Re: Identical servers different plan for the same query
Posted by:
Eric Coll
Date: April 11, 2012 10:05AM
I didn't explain myself correctly. MySQL always clusters the data (physically sorted on disk). If I don't provide a primary/unique key, then it will create its own sequential order. Is that right?
We want to cluster the data by timestamp, so we are forced to create a unique or primary index by timestamp. This is a big limitation in my sql, not being able to create clustered non unique indexes. We do not have a good unique key by timestamp, to make it smaller we will need to create a surrogote key.
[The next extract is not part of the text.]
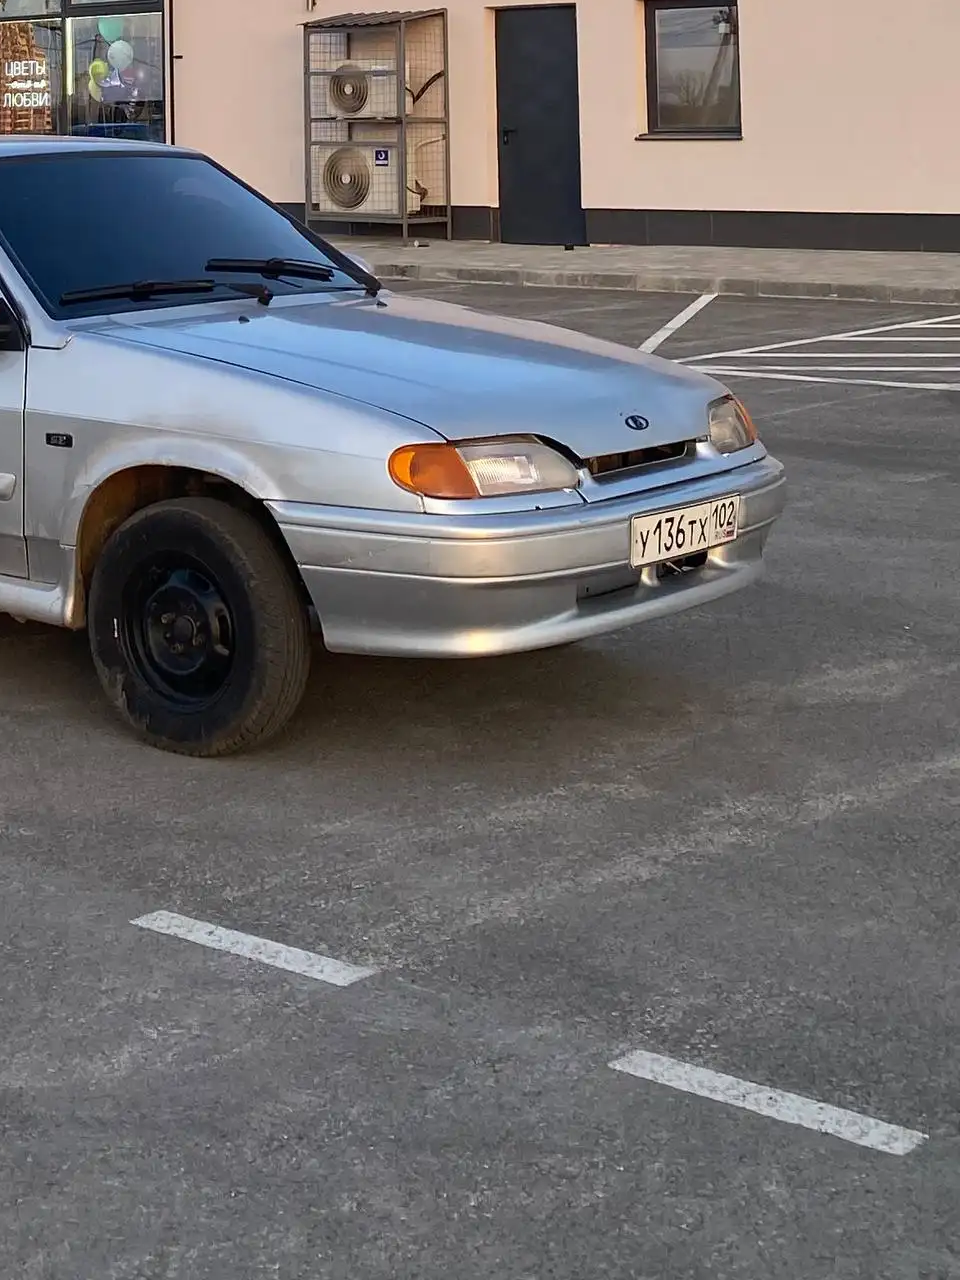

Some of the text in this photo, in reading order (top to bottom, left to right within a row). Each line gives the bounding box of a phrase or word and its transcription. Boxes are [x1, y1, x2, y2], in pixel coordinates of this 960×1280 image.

[5, 60, 46, 78] ЦВЕТЫ
[3, 92, 49, 108] ЛЮБВИ
[712, 501, 735, 530] 102
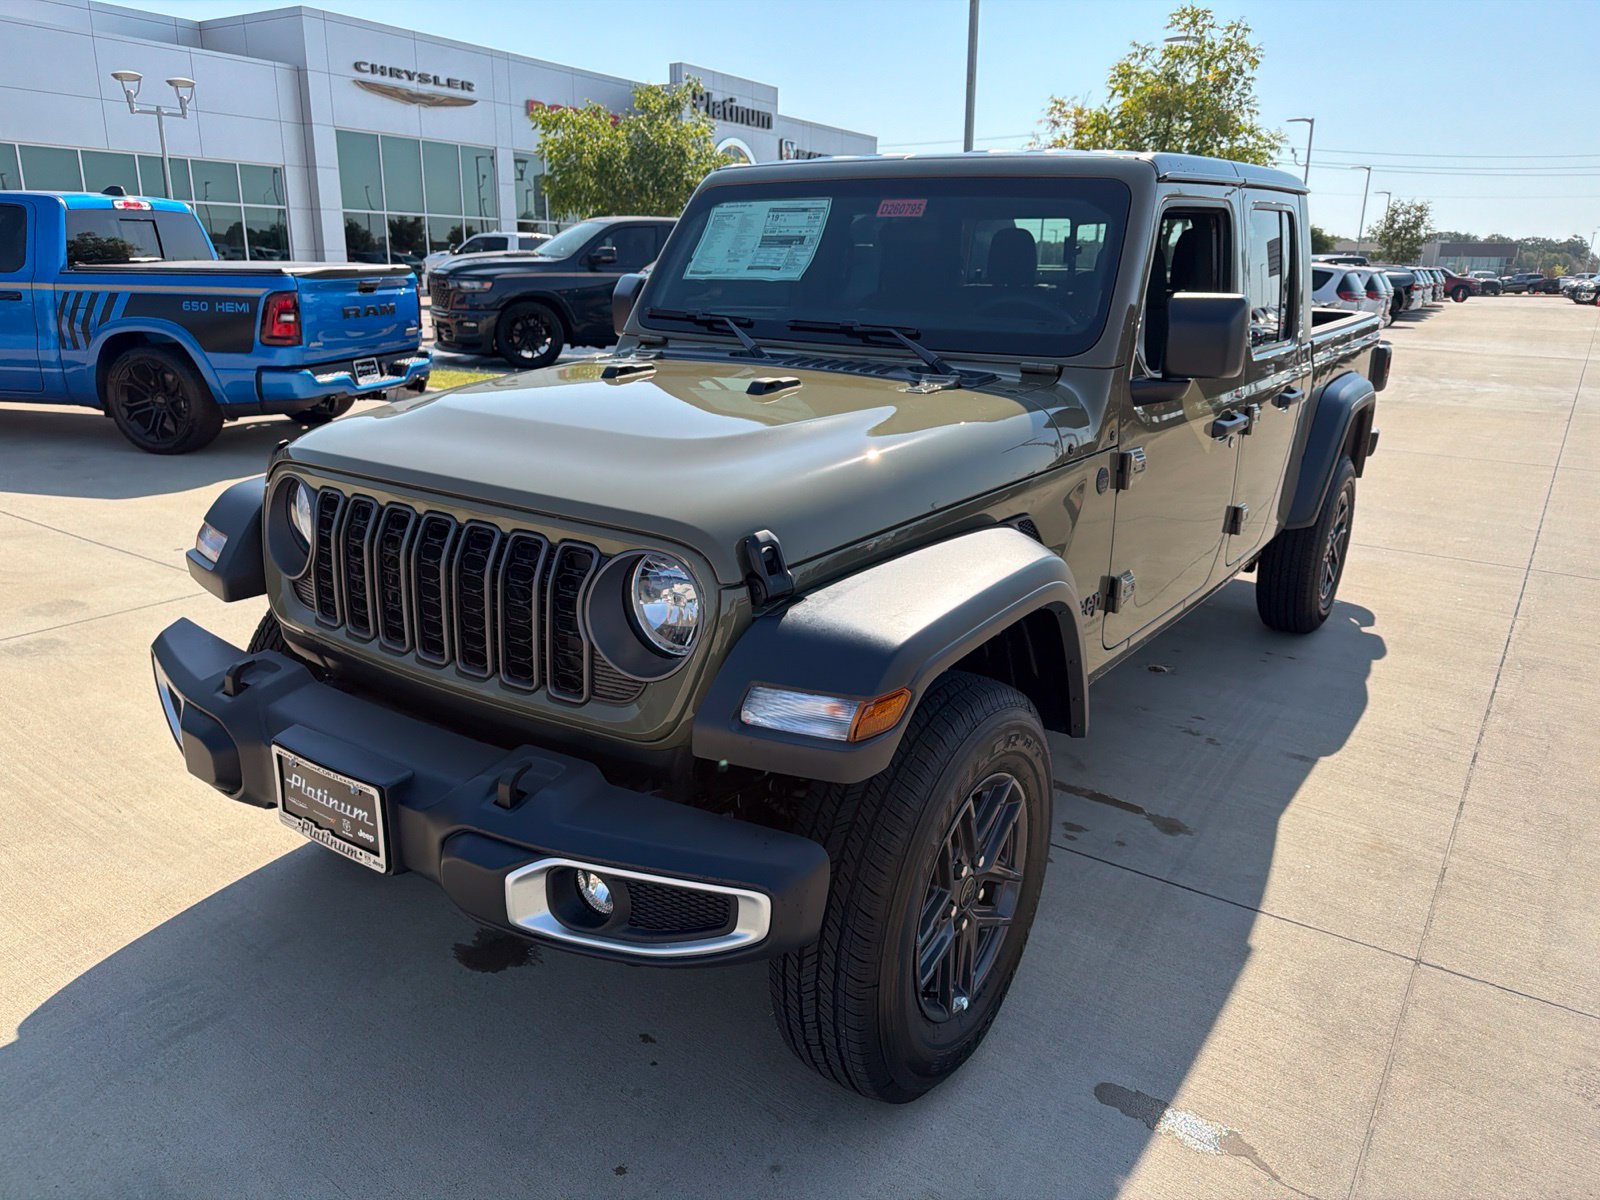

This is more of a data warehouse app. We don't need a PK as we never do any single record operation. The reason why you 'should' always have a PK in RDBMS is so each record can be uniquely identified which we don't need.
That said, I agree that the PK is too long, and probably the best fix we can do here.
We have over half a million accounts, and growing. Not sure why it seems that we have 91.
The InnoDB buffer is 9GB.
The data is partitioned by weeks.
PARTITION BY RANGE ( timestamp)
(PARTITION p_20120826 VALUES LESS THAN (1345939200)
...)
Everything seems to be working well, except a double group by query that takes about 3 minutes, and the strange thing is that the explain takes as long and it gets stuck copying a temp table as if the explain actually executes the query.